L'égalité républicaine contre le communautarisme
Sans nommer l'ennemi, cette conception de la patrie s'inscrit en faux contre la doctrine de Jean-Luc Mélenchon. A l'orientation communautariste et racisée de la « nouvelle France », Raphaël Glucksmann oppose implicitement l'égalité républicaine et « le projet émancipateur » de la laïcité. A l'euroscepticisme du leader insoumis et à sa complaisance vis-à-vis des régimes autoritaires de Poutine et Xi Jinping, il répond par l'exemple historique d'un Jaurès « qui milite pour la paix » mais « conçoit la nécessité d'une guerre patriotique et exhorte à s'y préparer activement ».
Une gauche du réel, de Mendès France à Delors
La gauche réformatrice que le fondateur de Place publique revendique est celle du réel, celle qui va de Pierre Mendès France à Jacques Delors. Celle qui organiserait une convention citoyenne sur l'immigration et se préoccuperait de sécurité publique tout en engageant une réforme des retraites adaptée aux bouleversements démographiques et en mettant à contribution les héritiers. « Ce qui soude une République, c'est la lutte contre les inégalités de naissance, la redistribution des richesses créées, la conscience de partager le même destin et d'obéir à des règles identiques, pas la mystique du "ruissellement" », écrit Glucksmann qui entend bien ne pas être confondu avec Macron le libéral.

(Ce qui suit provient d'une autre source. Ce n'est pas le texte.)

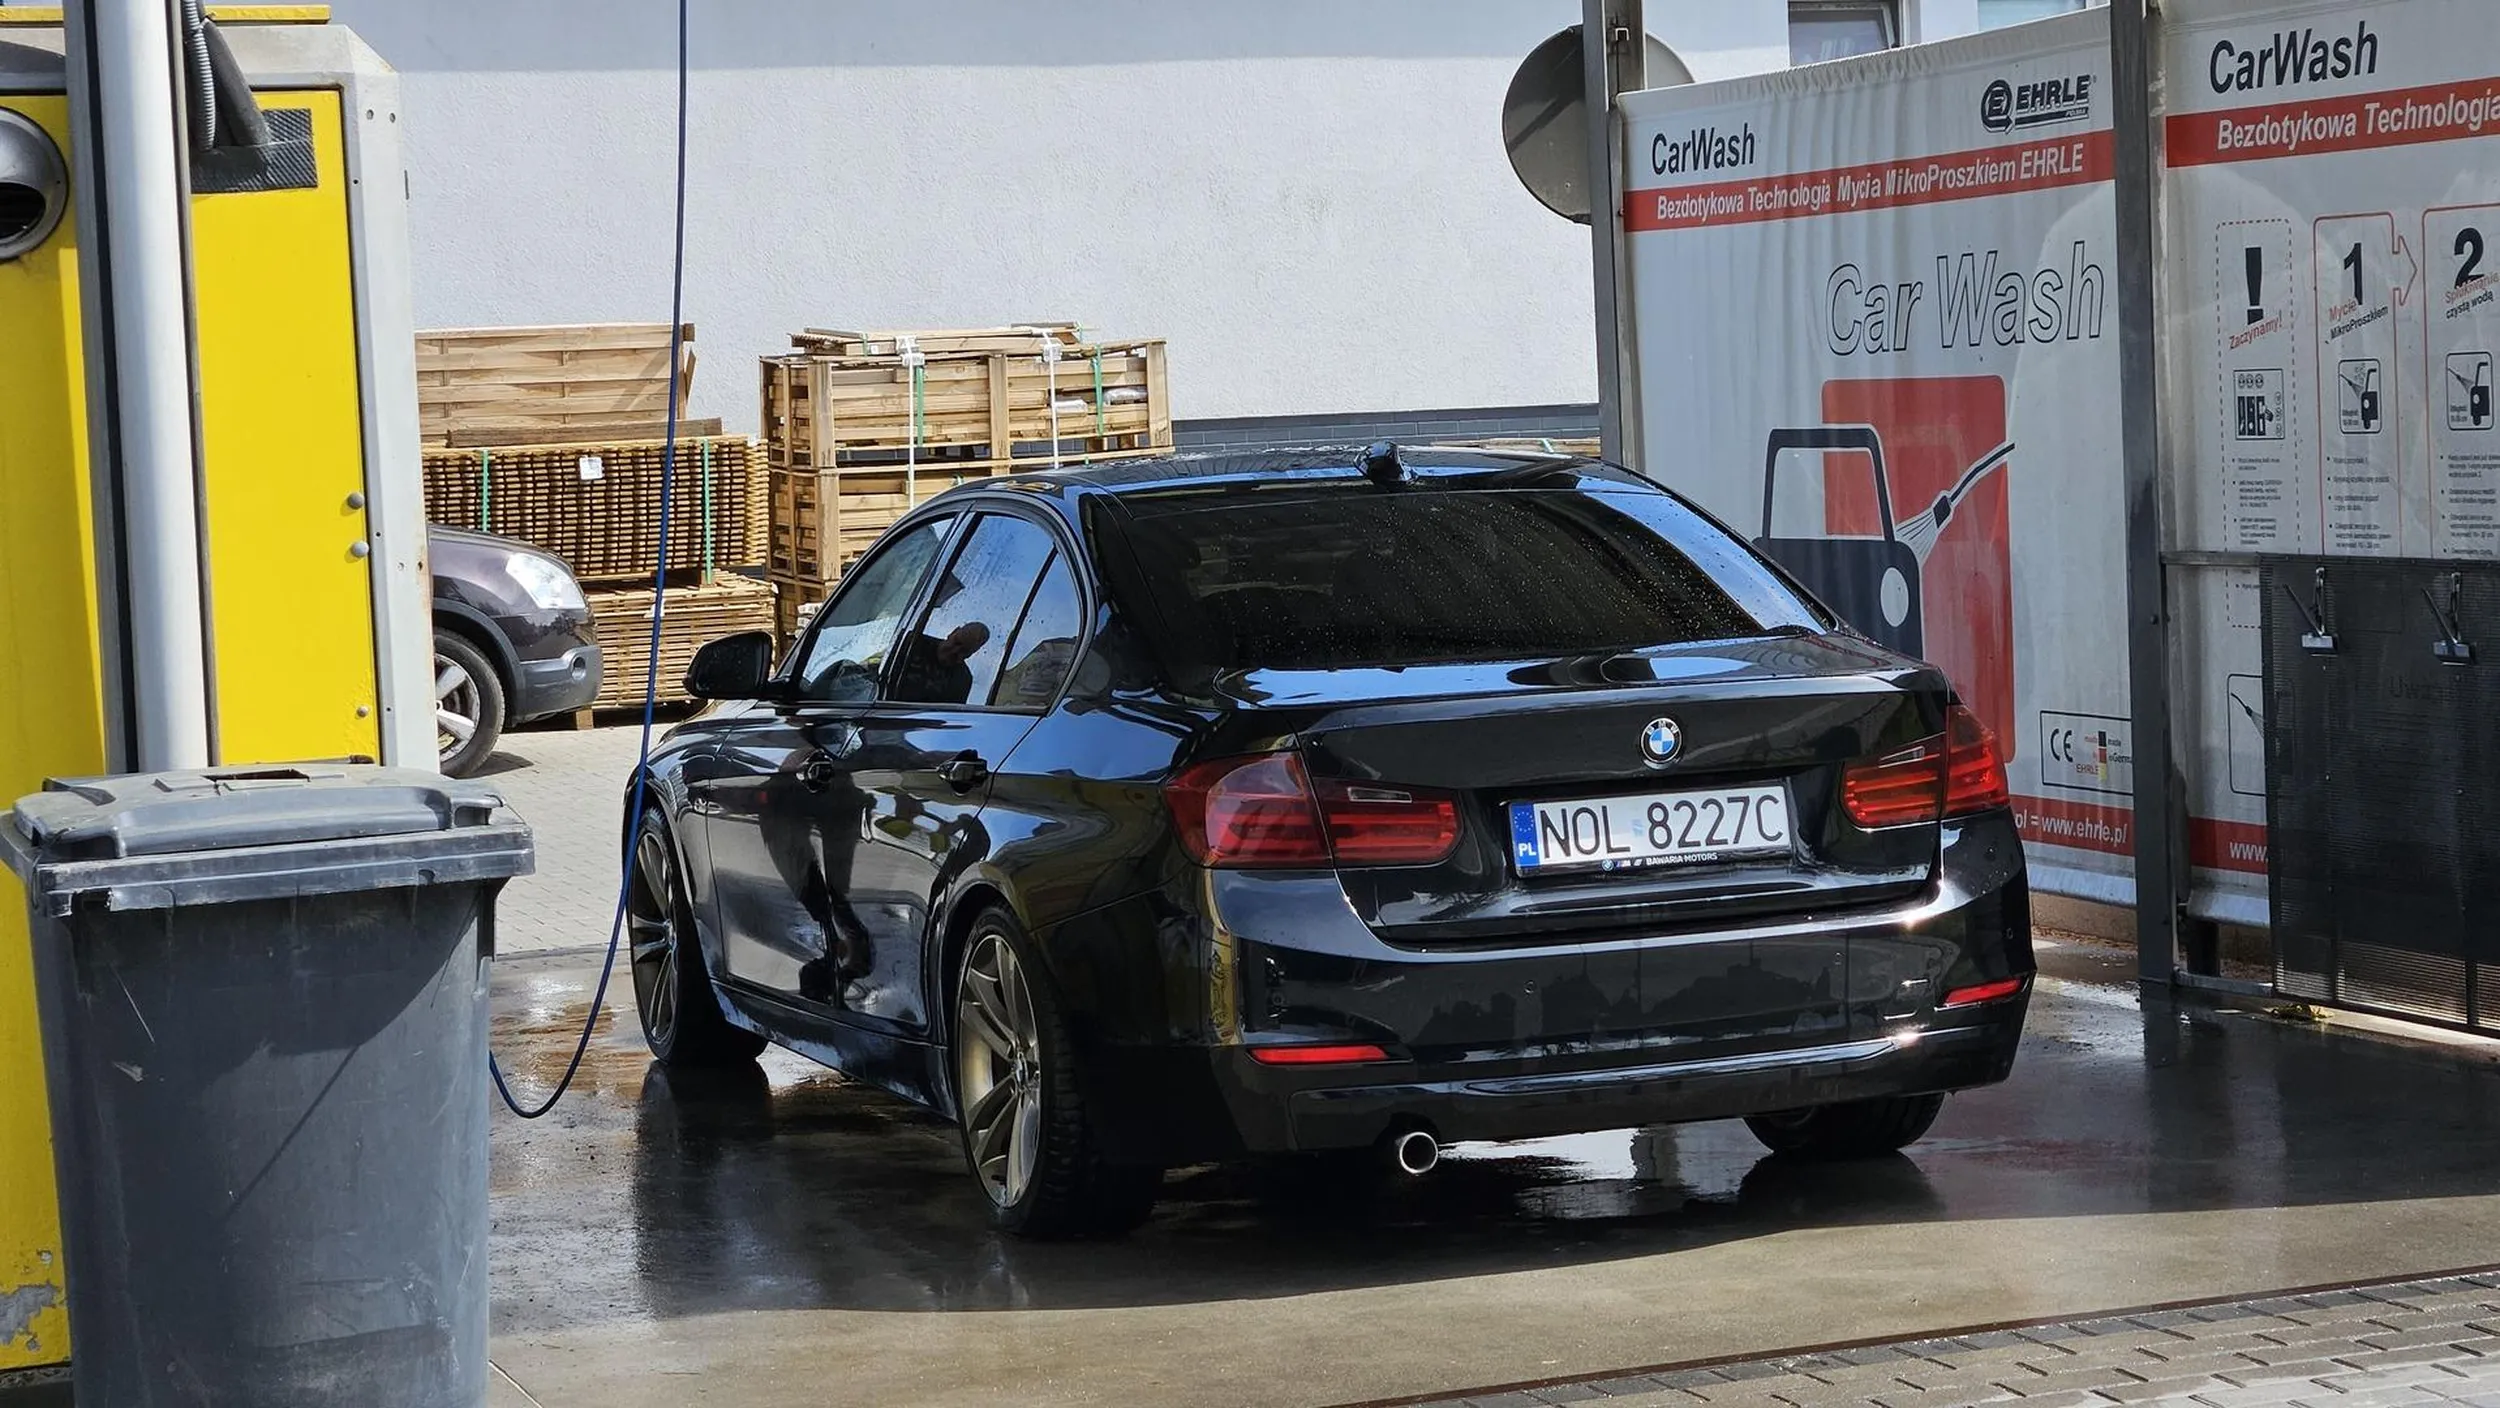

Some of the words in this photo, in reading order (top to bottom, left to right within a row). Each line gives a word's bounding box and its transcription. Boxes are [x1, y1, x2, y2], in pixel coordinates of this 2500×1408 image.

Les défis à relever pour Glucksmann
Jusqu'où ira Raphaël Glucksmann ? Doté d'un projet mais privé pour l'heure de soutien partisan et financier, il lui faut maintenir sa cote avantageuse dans les sondages s'il veut parvenir à se déclarer officiellement candidat en septembre prochain. Restera à accomplir le plus épineux : obtenir le ralliement de tout ou partie des socialistes et des écologistes pour rompre son isolement et incarner vraiment une alternative à mi-distance de La France insoumise et du centre droit macroniste. En lançant une sorte de défi implicite : s'ils aspirent eux aussi à occuper cet espace, que les concurrents de Glucksmann fassent mieux.